1966年早稲田大学卒業。68年米カリフォルニア州立大学バークレー校大学院修士課程修了、70年読売新聞入社。ワシントン常駐特派員を2度務めた後、アメリカ総局長、東京本社取締役調査研究本部長などを歴任。著書に『中国VSアメリカ』『アメリカはカムバックする!』(いずれもウェッジ)がある。

バイデンも対中警戒を高める

 一方のバイデン氏も、対中警戒姿勢で一歩も譲る気配は毛頭ない。

 バイデン氏は今年に入り、外交専門誌「Foreign Affairs」(3ー4月号)に論文を寄稿、この中で対中政策について以下のように指摘した:

  1. われわれは将来に向けた中国との競争に勝ち抜く必要がある。そのためには、世界の民主主義諸国が一緒になり、(中国による)経済上の濫用と不平等な行為を防ぐとともに、そのもてるあらゆるパワーを結集させなければならない。
  2. 私は過去、多くの中国指導者たちと何回となく、わたりあってきたのでよくわかっているが、中国は自分の政治モデルを世界に広げるなど、グローバル・リーチ拡大を企図しており、われわれにとってチャレンジだ。それにもかかわらず、トランプ大統領はわが大切な同盟国であるカナダやEU諸国に対し、無節操な関税を課すことによって関係を悪化させてきた。彼はそうすることによって、中国の真の脅威に対処するためのわが方の能力を削ぐことになった。
  3. わが国は中国にタフであるべきだ。もし、中国がわが道を行くことを黙認するならば、わが国のテクノロジー、知的財産が米国企業から奪い去られてしまうことになる。
  4. 中国の挑戦に対処していく最も効果的方法は、わが同盟諸国、パートナー諸国とともに手を取り合って行動することであり、バイデン政権発足後には、これらの重要な諸国との関係修復・強化に乗り出すつもりである。

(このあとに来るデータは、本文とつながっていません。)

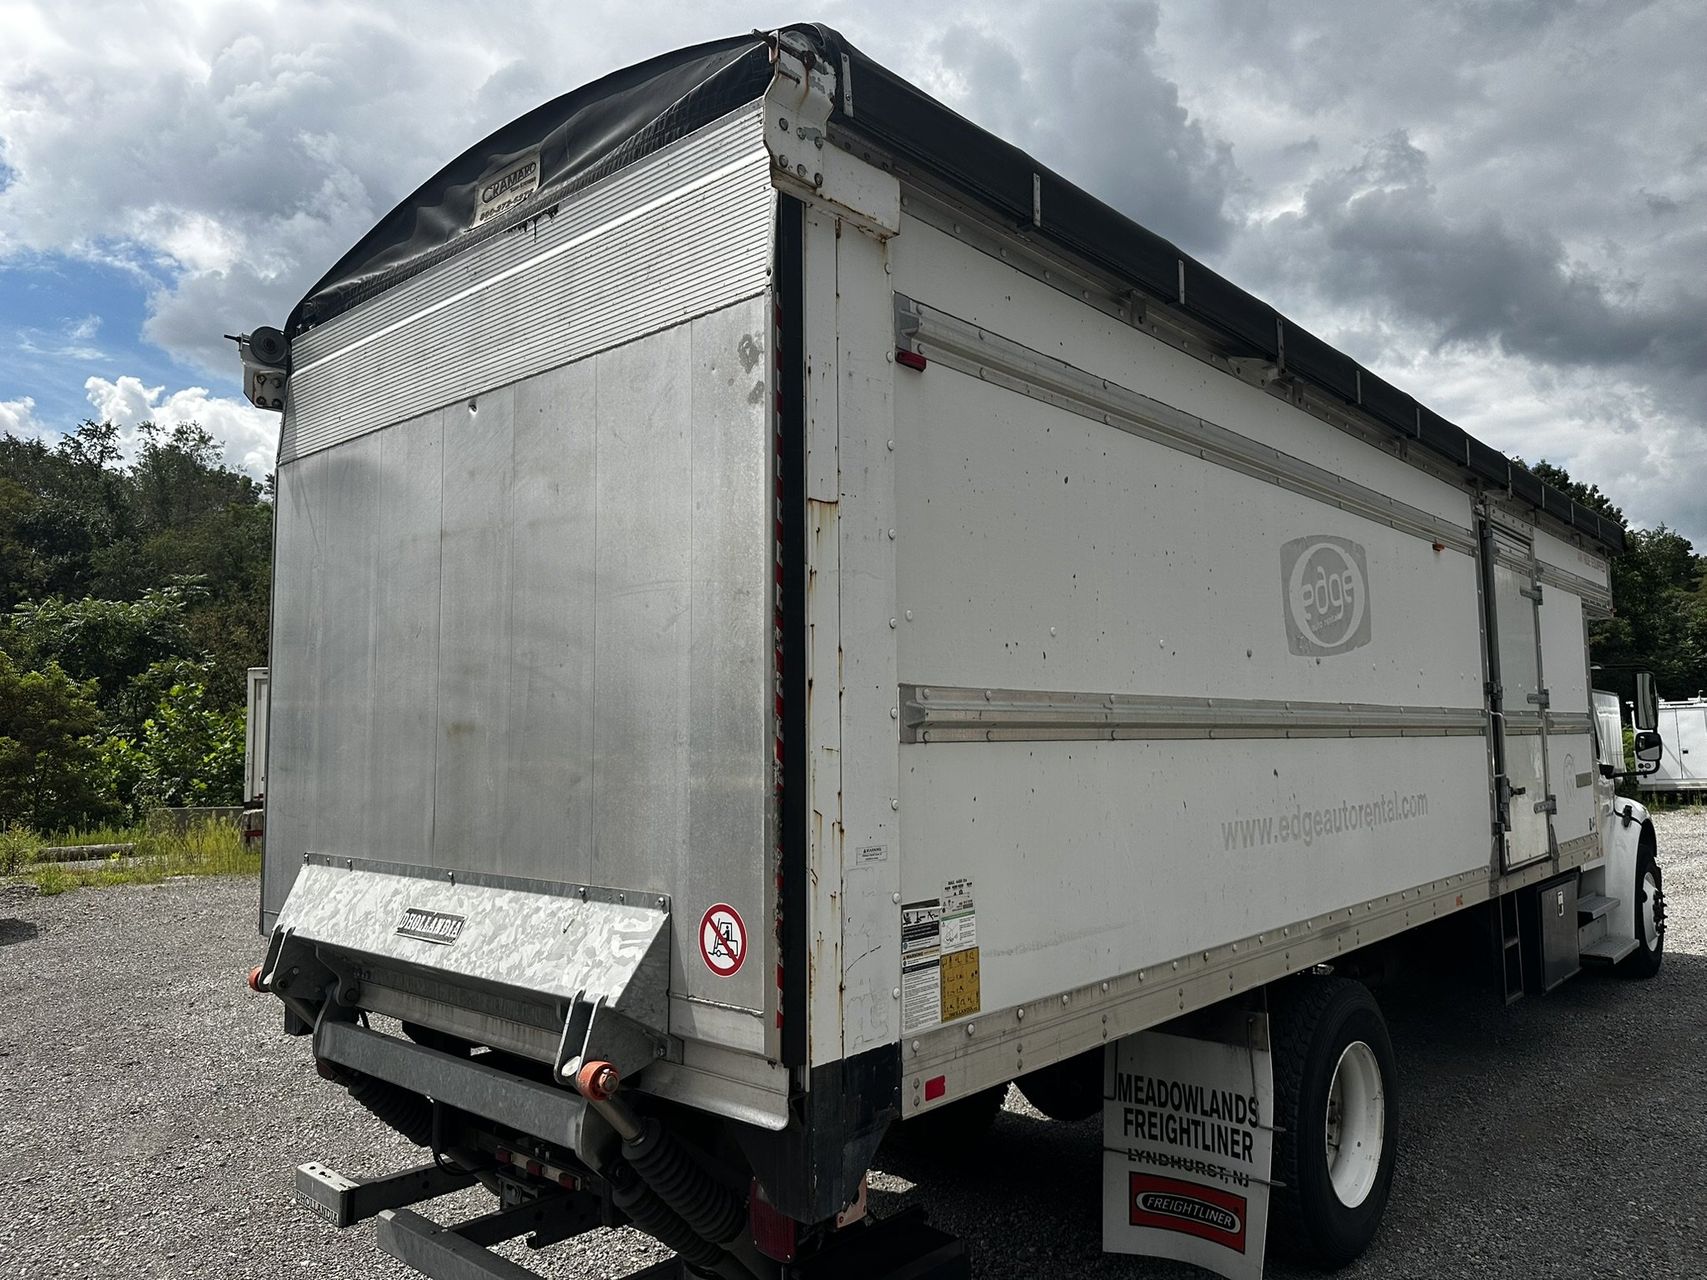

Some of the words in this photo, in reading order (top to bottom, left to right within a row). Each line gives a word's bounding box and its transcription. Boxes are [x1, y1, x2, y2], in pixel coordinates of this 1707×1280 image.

 さらに去る5月には、バイデン選対本部が、トランプ氏の大統領就任以来の対中融和ぶりに焦点を当てたTVコマーシャルを放映、その中で、北京での習近平国家との親密な会談模様を織り交ぜつつ、「コロナウイルス感染により全米で死者3万人以上、失業者2000万人以上が出ているにもかかわらず、大統領は中国の責任には一言も触れなかった」「それどころか、中国はコロナ対策でよくやっていると習近平を賞賛した」などとするナレーションを流した。

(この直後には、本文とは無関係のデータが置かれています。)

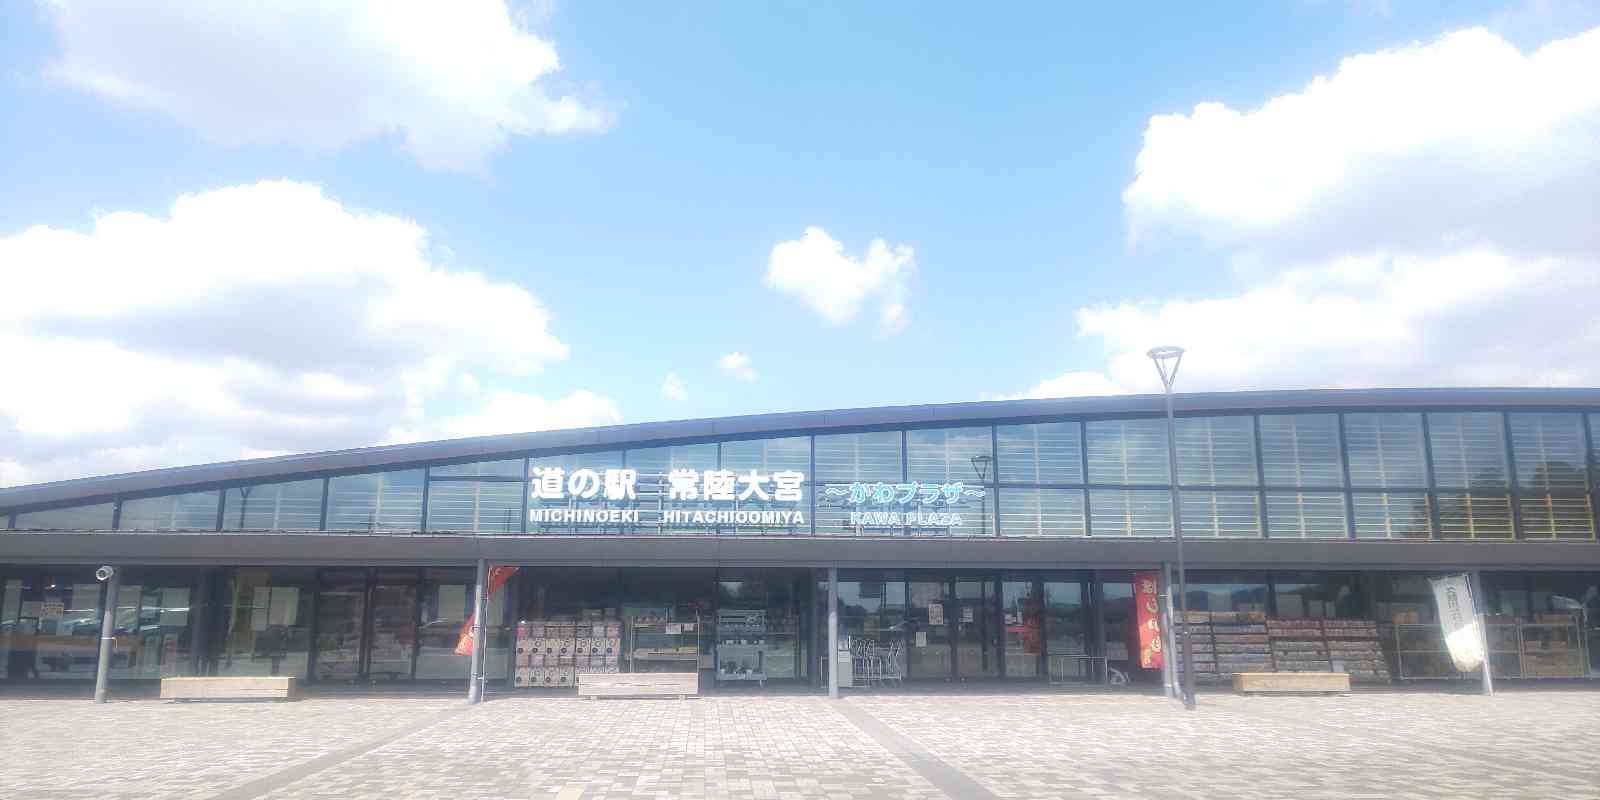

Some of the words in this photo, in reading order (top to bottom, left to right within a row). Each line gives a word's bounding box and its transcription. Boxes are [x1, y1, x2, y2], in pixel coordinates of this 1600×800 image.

[530, 467, 637, 501] 道の駅
[668, 468, 805, 501] 常陸大宮
[529, 509, 639, 523] MICHINOEKI
[663, 510, 805, 525] HITACHIOOMIYA
[850, 511, 902, 526] KAWA
[905, 511, 962, 526] PLAZA

 最近ではバイデン氏は、香港で国家安全維持法(国安法)が施行されたことに関連して去る2日、ロイター通信を通じ特別声明を発表、以下のように語気強く中国を批判した:

 「北京が新たに課した国家安全維持法は、中国体制とは異なる香港の自由と自立を死に至らしめる暴挙であり、私は大統領就任後、厳しい対中国経済制裁を行う用意がある。また、中国国内において、米国市民、企業および組織による言論・集会の自由が弾圧される事態になれば、我々は直ちに対中制裁を実施する。中国ウイグル自治区での強制労働による衣料品などの対米輸出についても、これを禁止するため、より厳格な措置を講じる」

 さらに同氏は、トランプ氏にも矛先を向け「中国人民の諸権利を蹂躙する中国政府の最近の動きは、トランプ黙認の下で起こったものであり、彼は習近平の忠臣fealtyになっている」と強く非難した。

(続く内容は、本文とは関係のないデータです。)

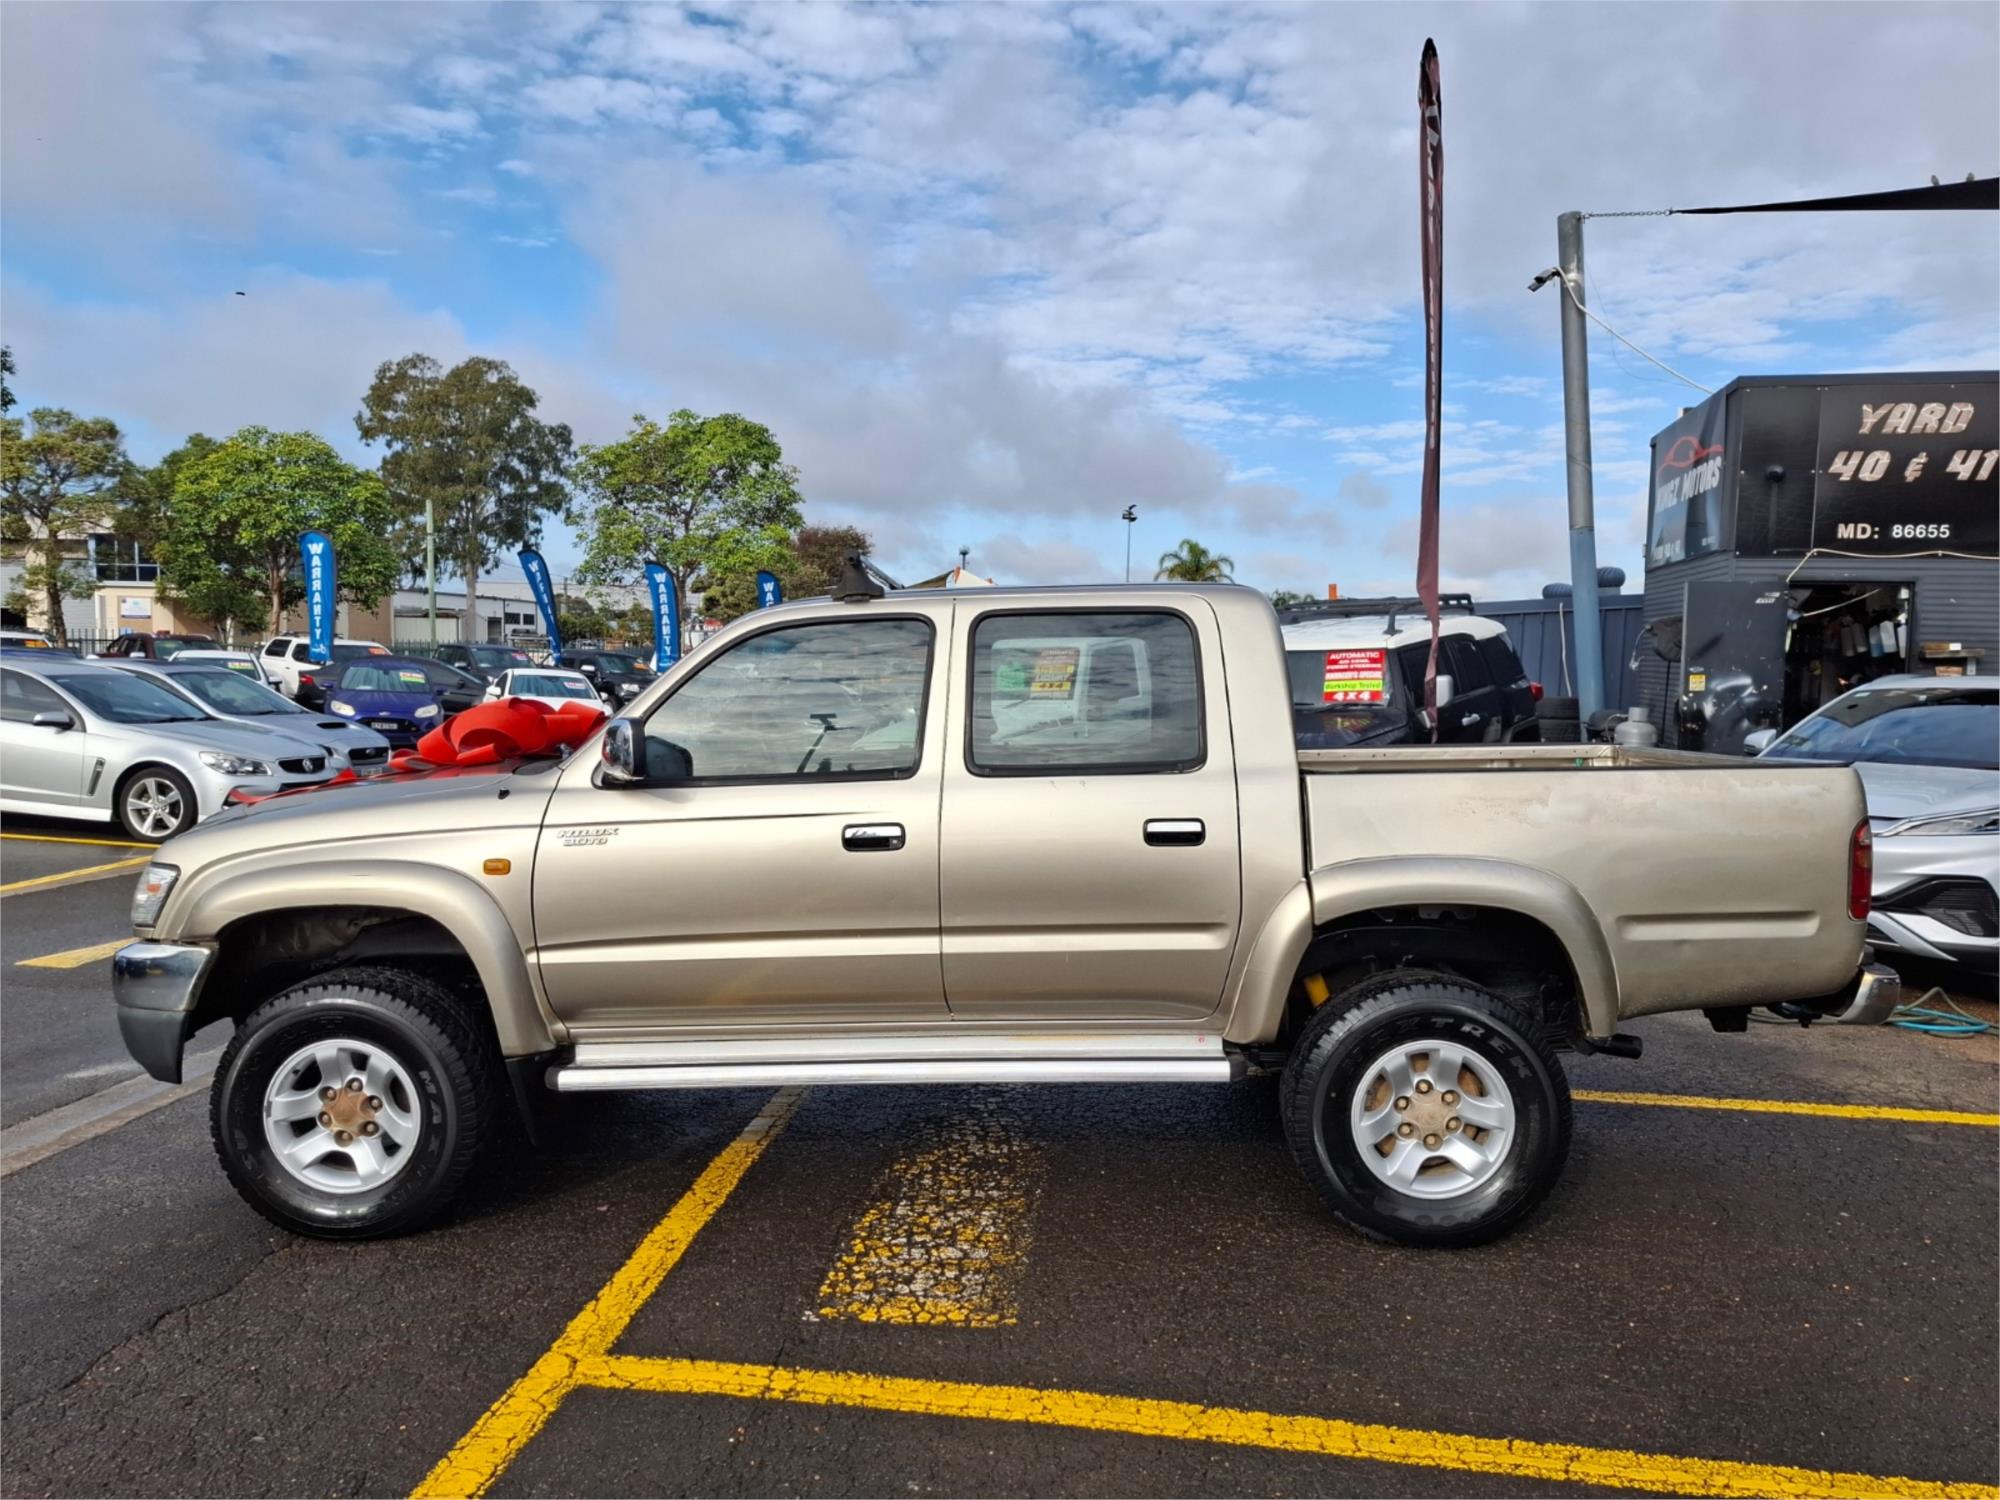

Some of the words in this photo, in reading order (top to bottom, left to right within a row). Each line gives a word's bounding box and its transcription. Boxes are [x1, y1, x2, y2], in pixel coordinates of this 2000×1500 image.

[1858, 402, 1975, 434] YARD
[1681, 456, 1722, 501] MOTORS
[1828, 450, 1891, 482] 40
[1946, 449, 1999, 481] 41
[1837, 523, 1880, 539] MD:
[1892, 524, 1951, 538] 86655
[307, 543, 324, 640] WARRANTY
[653, 572, 672, 656] WARRANTY

 折しも、今月初め発売されたばかりのボルトン元米大統領補佐官による回想録『それが起きた部屋』の中でも、トランプ大統領が習近平氏に卑屈な姿勢を見せてきたエピーソードが紹介され、民主党側の主張をある程度、裏付ける結果となっている。

 ボルトン氏はこの本の中で「大統領は習近平に『わが国の大豆を大量に買い付けてもらい、私が大統領選で再選できるよう手助けをお願いしたい』と嘆願したほか、習近平体制が中国ウイグル自治区の百万人以上の少数民族を強制収容所に入れてきた措置についても、『まさに正しい措置だ』と述べ、これを支持した」ことなどを暴露した。

 上記のようなバイデン陣営の言動を見る限り、対中姿勢はトランプ政権に勝るとも劣らない厳しいものがある。